This is sort of a post about Brokeback Mountain, because everybody else was doing it. Plus, blogging about a gay cowboy movie set in Wyoming (but which was secretly filmed in Alberta, which is, in a somewhat odd definition of the term, where L. and I went on our first date) is kind of like writing about nature, which is what I am supposed to be doing in the first place.
I have seen this movie twice, and I left the second viewing with a very different sense of the movie than the first time. The first time I saw the gay cowboy movie (or the queer cowboy movie, as Sam has argued) and the second time I saw a movie which I found to be just incredibly, profoundly sad; so much so that I wasn't sure how I'd missed it the first time. As Dan has also mentioned, this movie sticks with you.

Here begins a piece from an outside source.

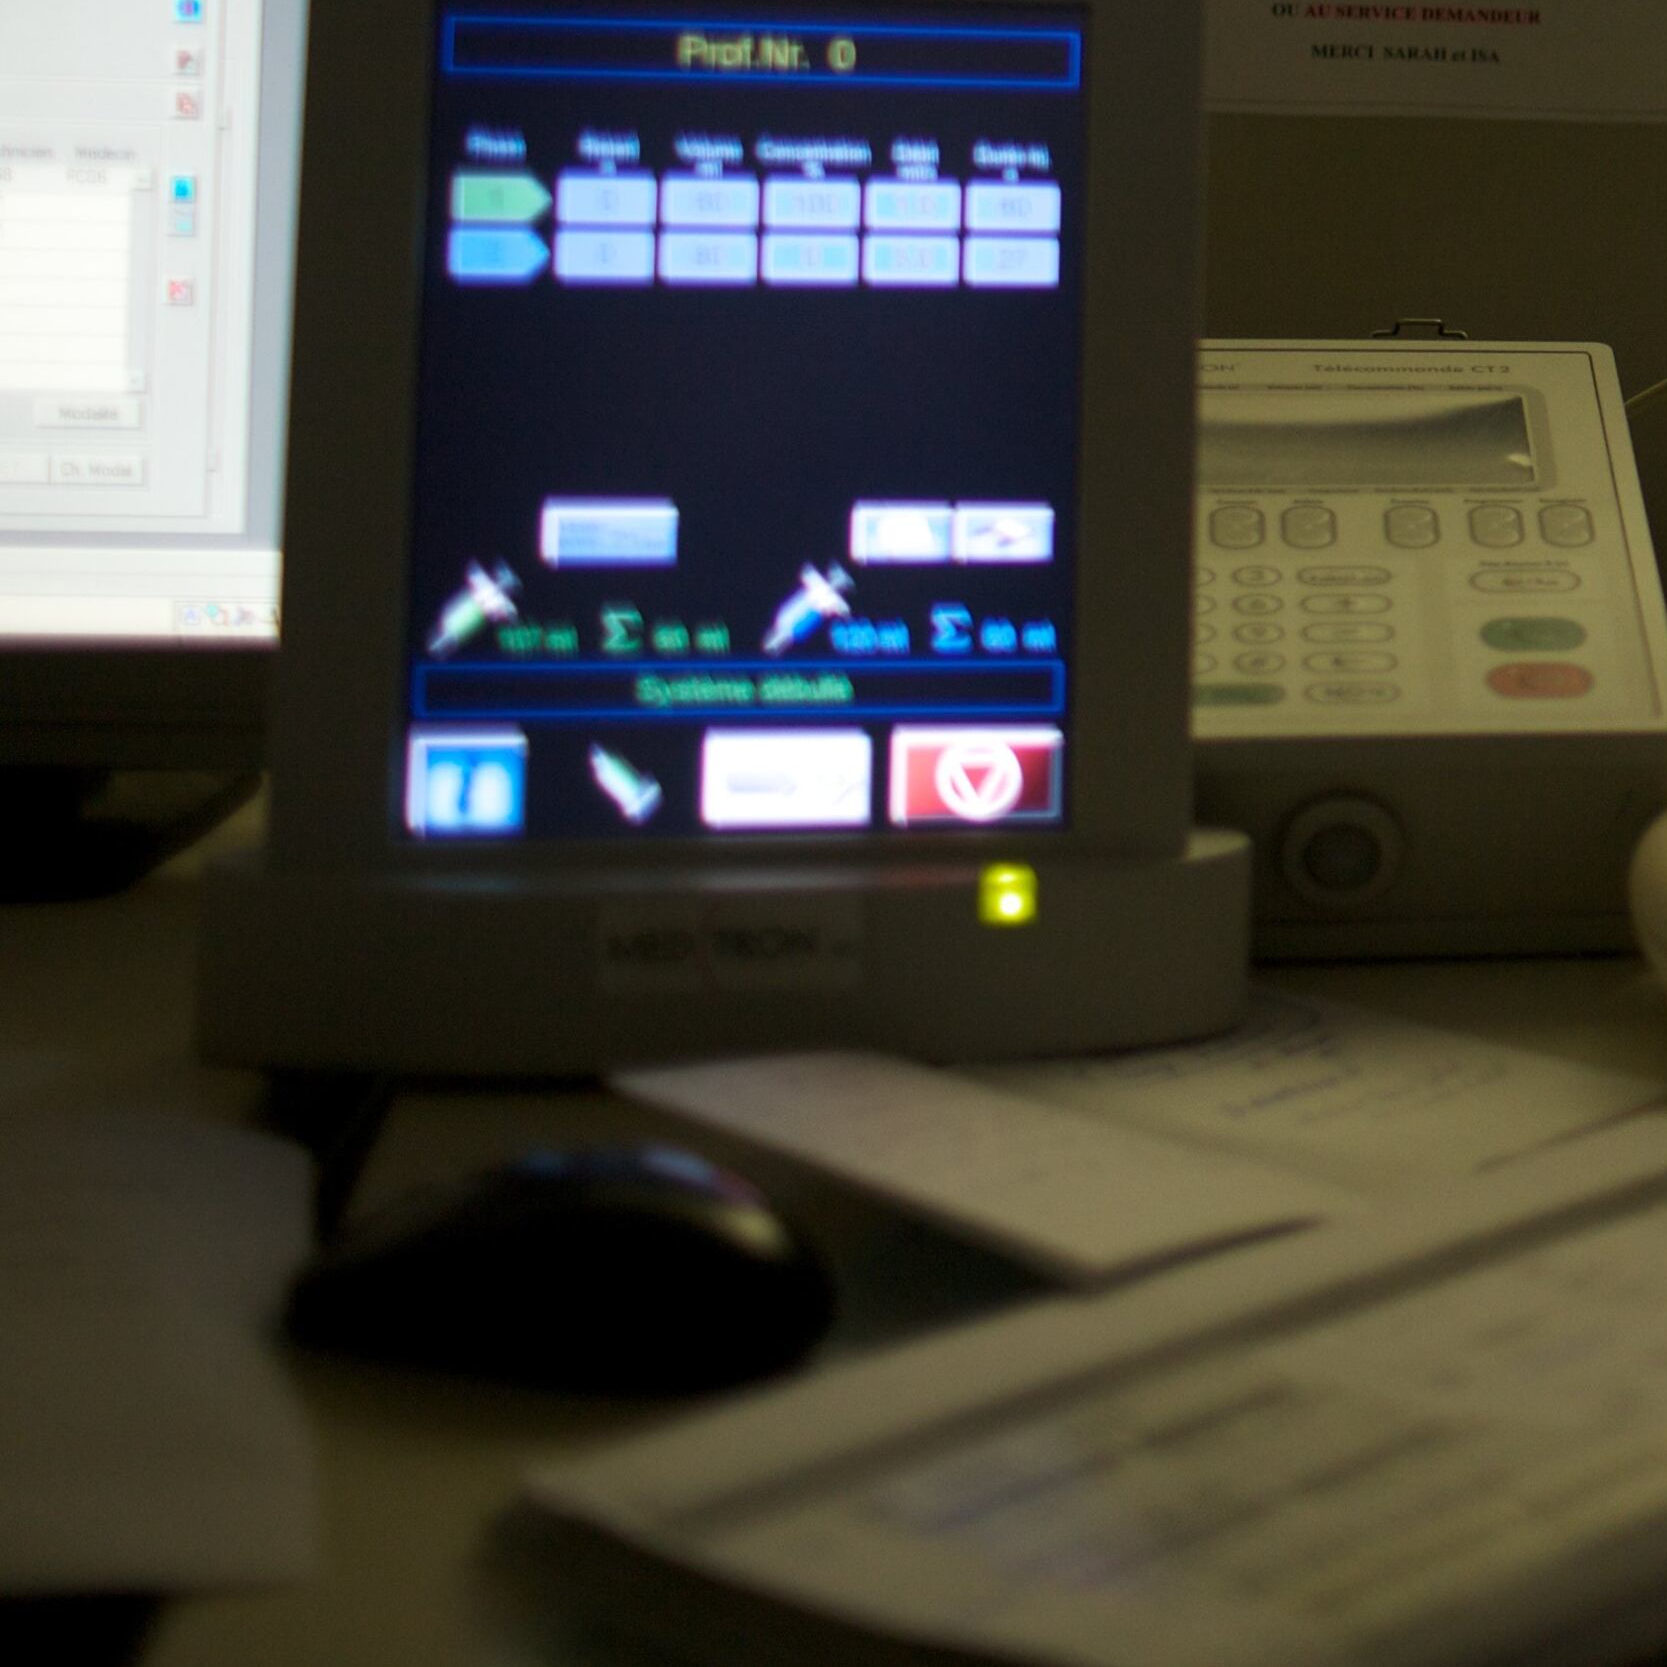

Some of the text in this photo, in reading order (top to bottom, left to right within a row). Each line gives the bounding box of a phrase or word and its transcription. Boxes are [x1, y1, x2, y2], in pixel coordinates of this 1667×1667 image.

[1272, 2, 1541, 23] OU AU SERVICE DEMANDEUR
[1310, 43, 1501, 63] MERCI SARAH et ISA

The reason it's staying with me, in a kind of molasses-of-sadness way that I can't remember another narrative doing in a long time, seems to me to be a thing apart from the movie itself--the writing, the acting, the directing, the cinematography--as L. said, forbidden love is a story you've seen a hundred times before; here they just changed one tiny little detail, and look what happened. I don't mean to imply that this film transcends its gayness, because regardless of what else you want to argue, THIS FILM IS TOTALLY GAY (or else it's totally queer, but I'll leave that argument to the people who have degrees in this stuff). It is gayer-than-a-tree-full-of-parrots gay. But this film did transcend some sort of narrative something for me, in a way which the other longing-and-loss texts that I've read/seen/whatever didn't, but which seems inextractable from its gay/queerness, but also beyond it.
Also, the two guys making out is totally hot.